L’histoire de la statistique, laboratoire pour la théorie sociale
Libby SCHWEBER

pp. 107-128

 

La politique des grands nombres d’Alain Desrosières et La mesure de l’État d’Éric Brian sont consacrés à l’histoire des statistiques ou des mathématiques, dans leurs liaisons avec les sciences sociales et l’administration. Une comparaison de l’approche théorique développée dans ces deux ouvrages permet d’examiner ce que les développements récents en histoire et en sociologie des sciences permettent d’apporter à la sociologie dans son ensemble. Si l’un et l’autre se positionnent par rapport aux problèmes soulevés par le constructivisme et le relativisme, ils ne le font pas de la même manière, ce qui s’observe à la fois dans les questions qu’ils posent, dans les méthodes qu’ils adoptent, et dans le type de réponses qu’ils recherchent ? voire dans la période couverte par chacun, courte et fouillée chez É. Brian, longue et extensive chez A. Desrosières. Pour ce dernier, le constructivisme se traduit par le souci des conséquences politiques du caractère construit des objets statistiques.
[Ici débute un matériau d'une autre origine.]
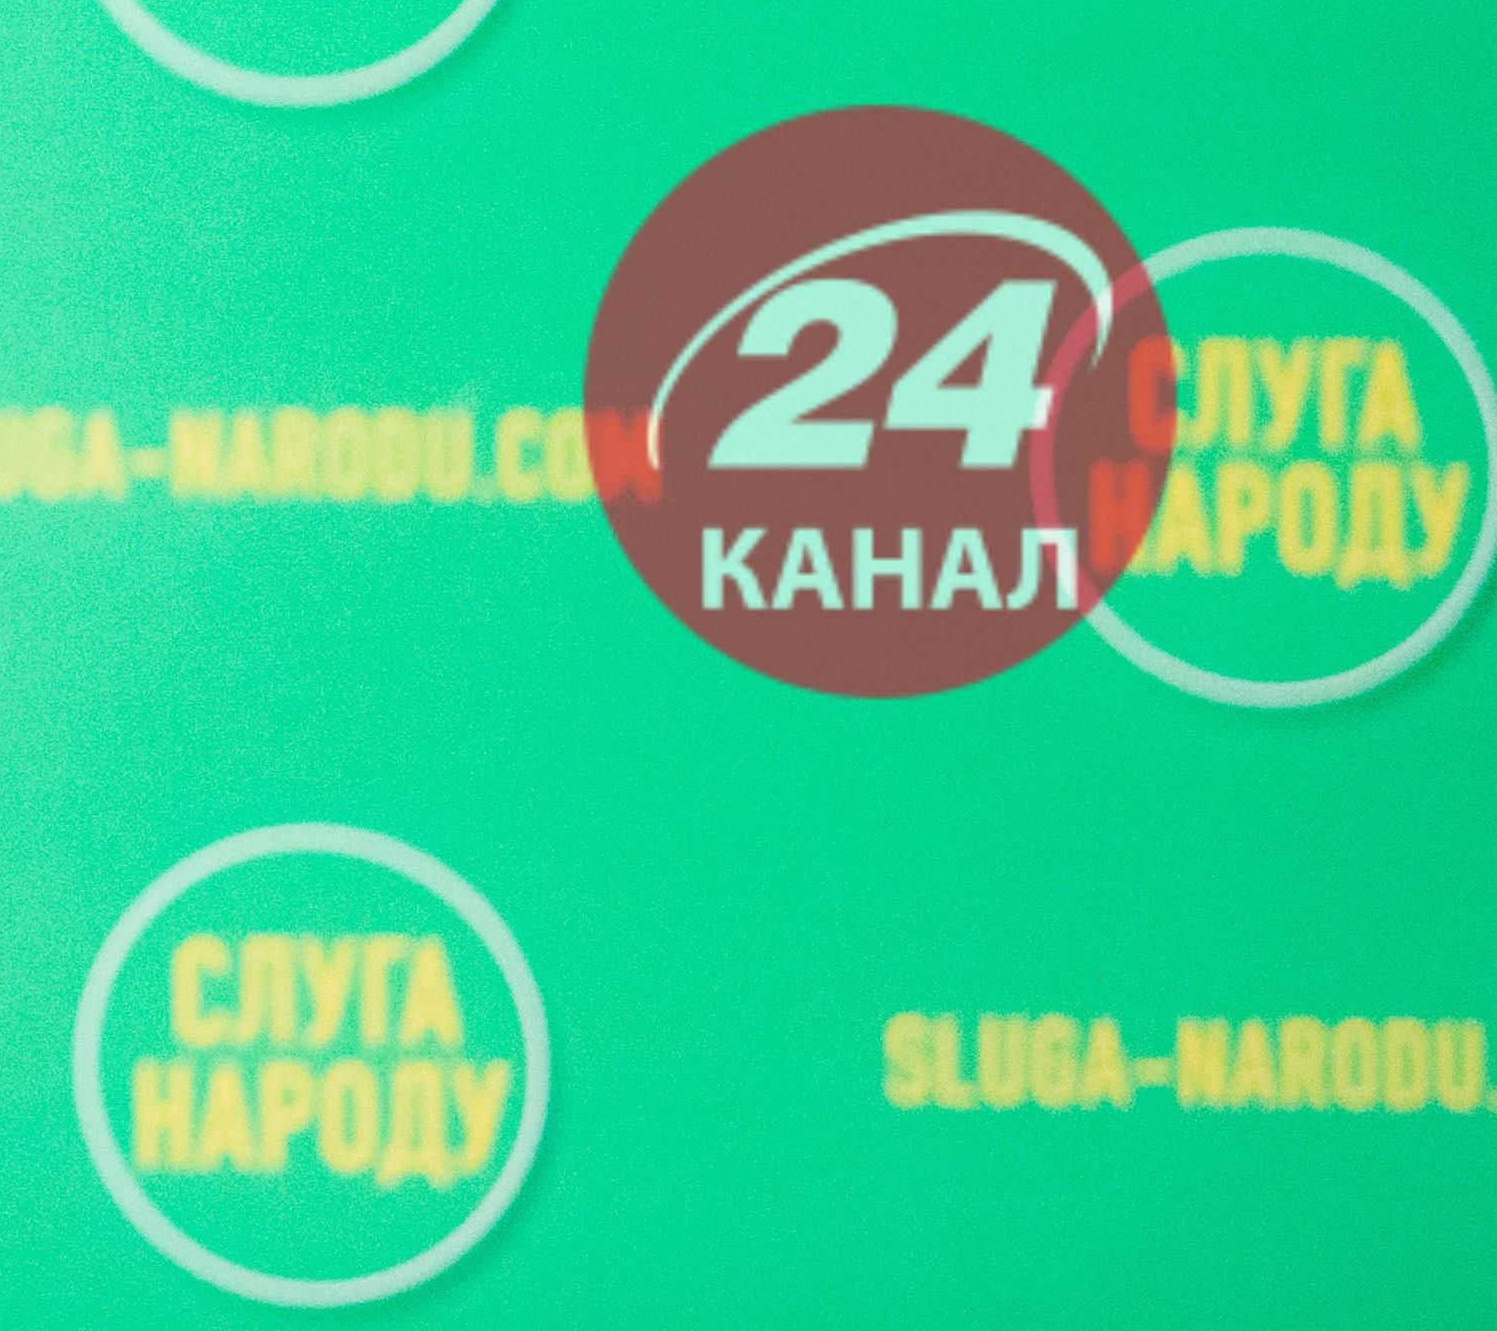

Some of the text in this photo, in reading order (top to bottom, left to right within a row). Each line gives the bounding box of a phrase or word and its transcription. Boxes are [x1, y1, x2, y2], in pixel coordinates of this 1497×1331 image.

[1128, 337, 1422, 450] СЛУГА
[1089, 460, 1467, 590] НАРОДУ
[171, 933, 463, 1047] СЛУГА
[132, 1049, 512, 1181] НАРОДУ
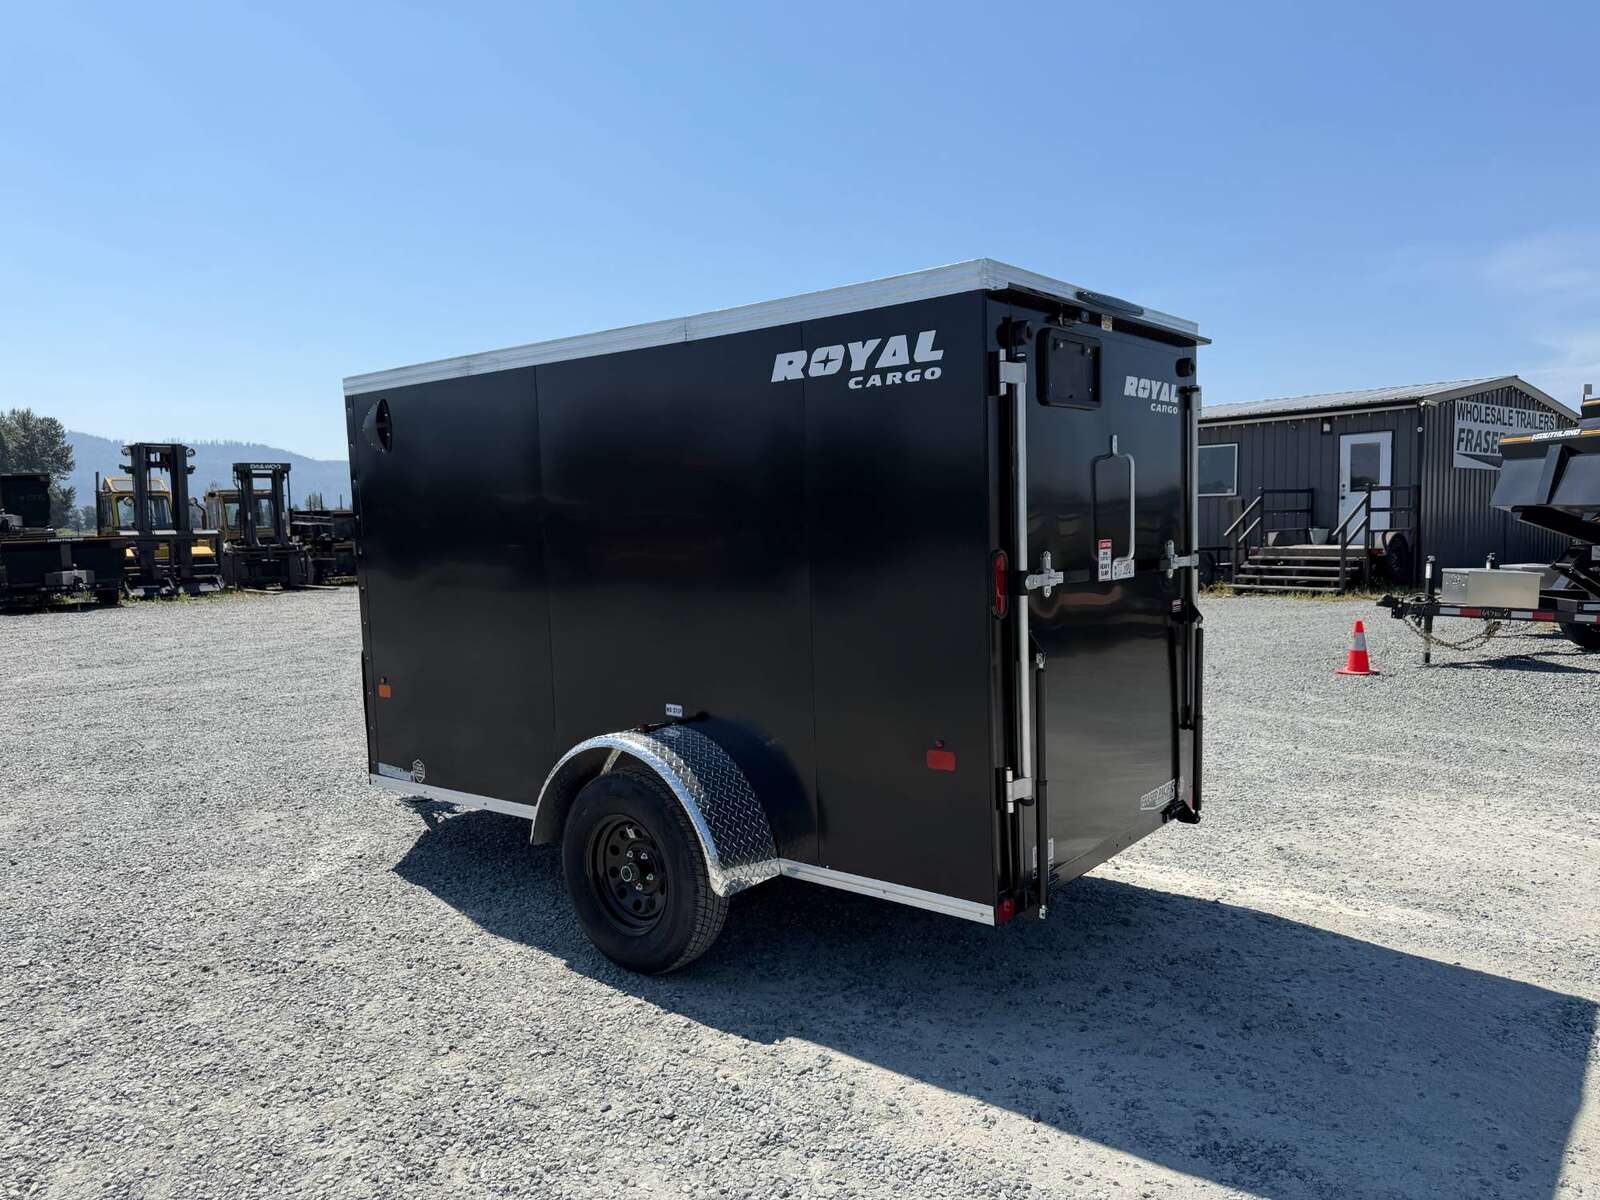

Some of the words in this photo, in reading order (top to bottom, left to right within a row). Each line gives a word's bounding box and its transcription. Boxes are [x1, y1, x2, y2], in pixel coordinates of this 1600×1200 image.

Sa position, au fond relativiste, s’accompagne d’une approche classificatoire, visant à faire ressortir ce qu’il considère comme étant les caractéristiques intrinsèques (et trans-historiques) de la statistique. Au contraire, É. Brian propose un type de constructivisme méthodologique qui prend en compte à la fois le caractère construit des sources historiques et celui de sa propre analyse. Cette approche est liée à une position réaliste, qui fonde sa tentative d’exercer un contrôle épistémologique sur la construction de son objet.